All of the records below are to be printed exactly; the pictures are to be left out.
====== GIVEN ENTRIES
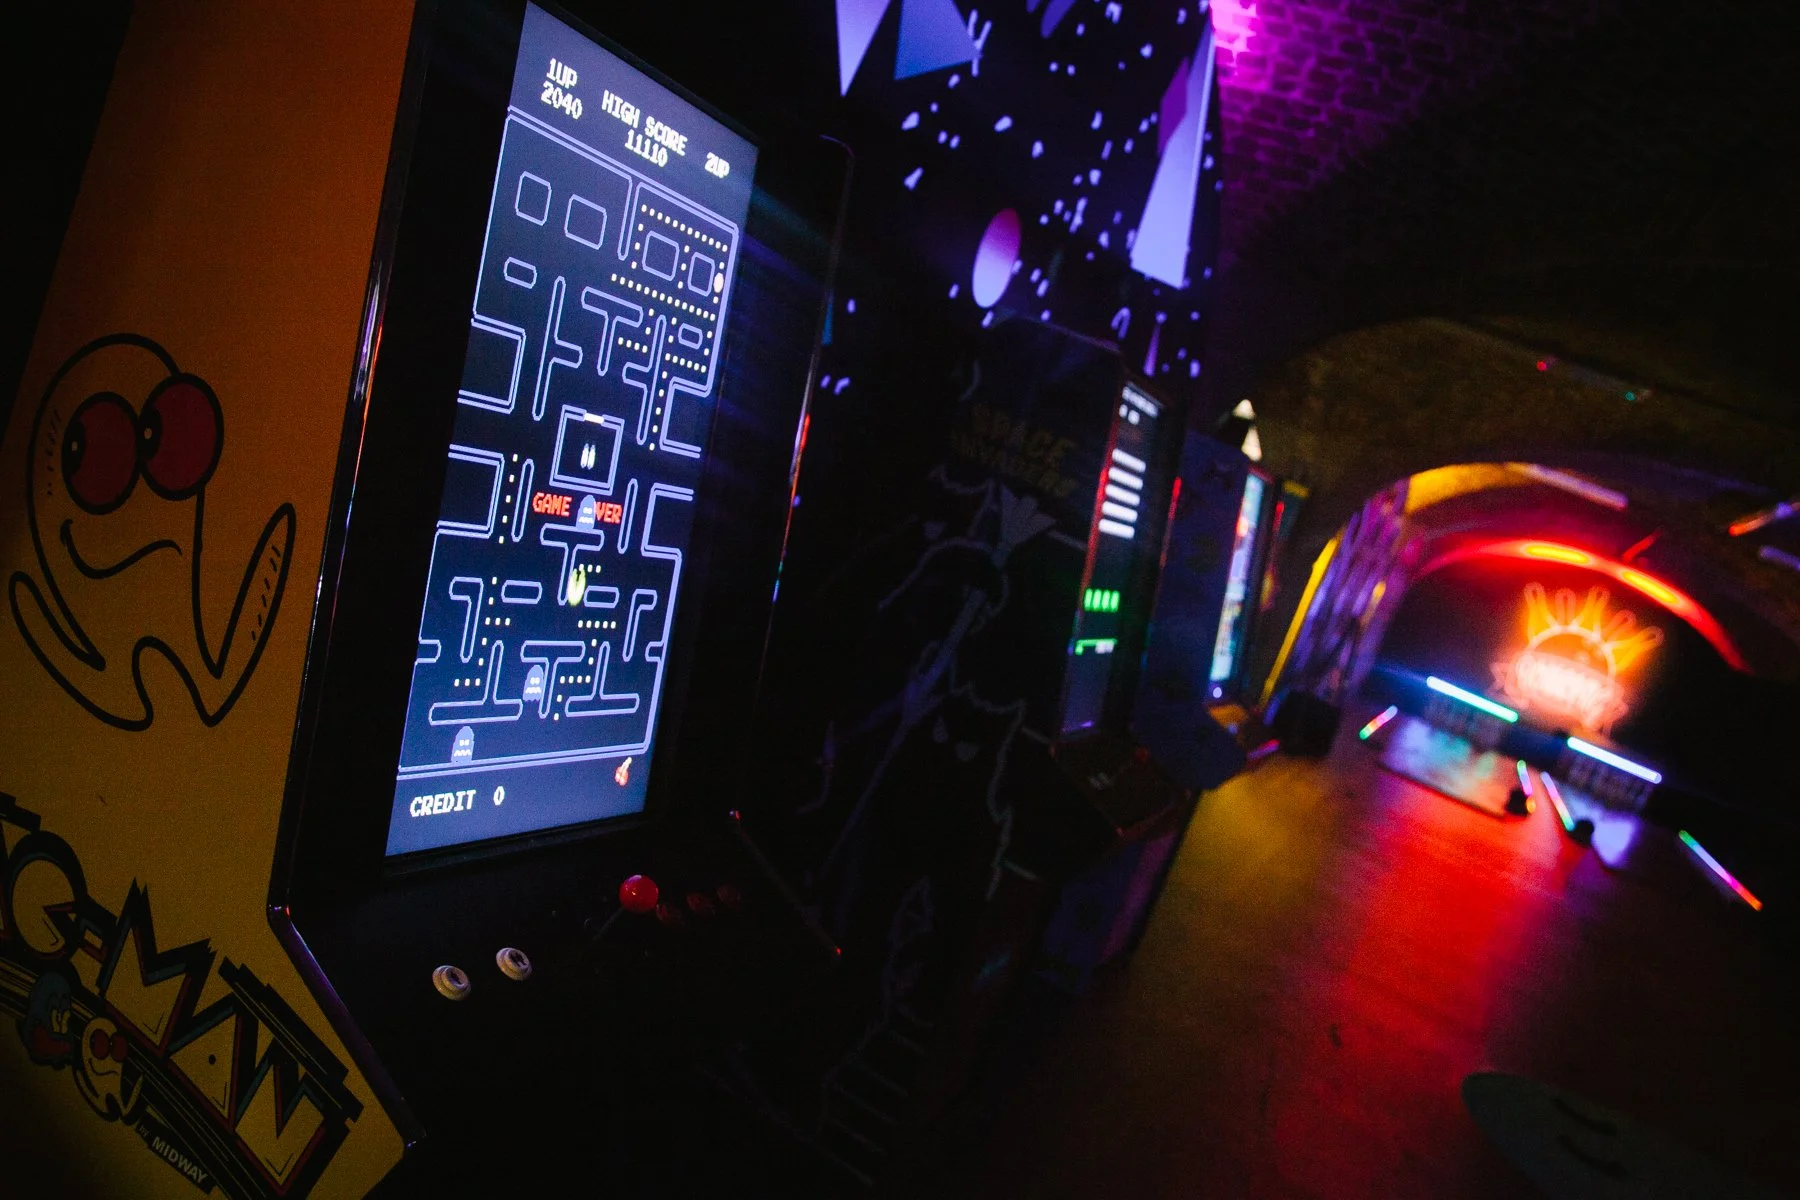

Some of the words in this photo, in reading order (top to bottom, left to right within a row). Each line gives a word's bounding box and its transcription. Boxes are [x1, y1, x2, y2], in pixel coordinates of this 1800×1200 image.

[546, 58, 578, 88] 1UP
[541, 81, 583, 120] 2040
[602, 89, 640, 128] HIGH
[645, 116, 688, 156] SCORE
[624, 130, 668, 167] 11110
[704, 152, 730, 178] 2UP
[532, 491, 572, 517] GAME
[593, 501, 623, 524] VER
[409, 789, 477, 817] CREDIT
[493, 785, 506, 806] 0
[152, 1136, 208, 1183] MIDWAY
============
RESPONSE TO THIS EXERCISE.
Some of the words in this photo, in reading order (top to bottom, left to right within a row). Each line gives a word's bounding box and its transcription. Boxes are [x1, y1, x2, y2], in pixel coordinates of this 1800×1200 image.

[546, 58, 578, 88] 1UP
[541, 81, 583, 120] 2040
[602, 89, 640, 128] HIGH
[645, 116, 688, 156] SCORE
[624, 130, 668, 167] 11110
[704, 152, 730, 178] 2UP
[532, 491, 572, 517] GAME
[593, 501, 623, 524] VER
[409, 789, 477, 817] CREDIT
[493, 785, 506, 806] 0
[152, 1136, 208, 1183] MIDWAY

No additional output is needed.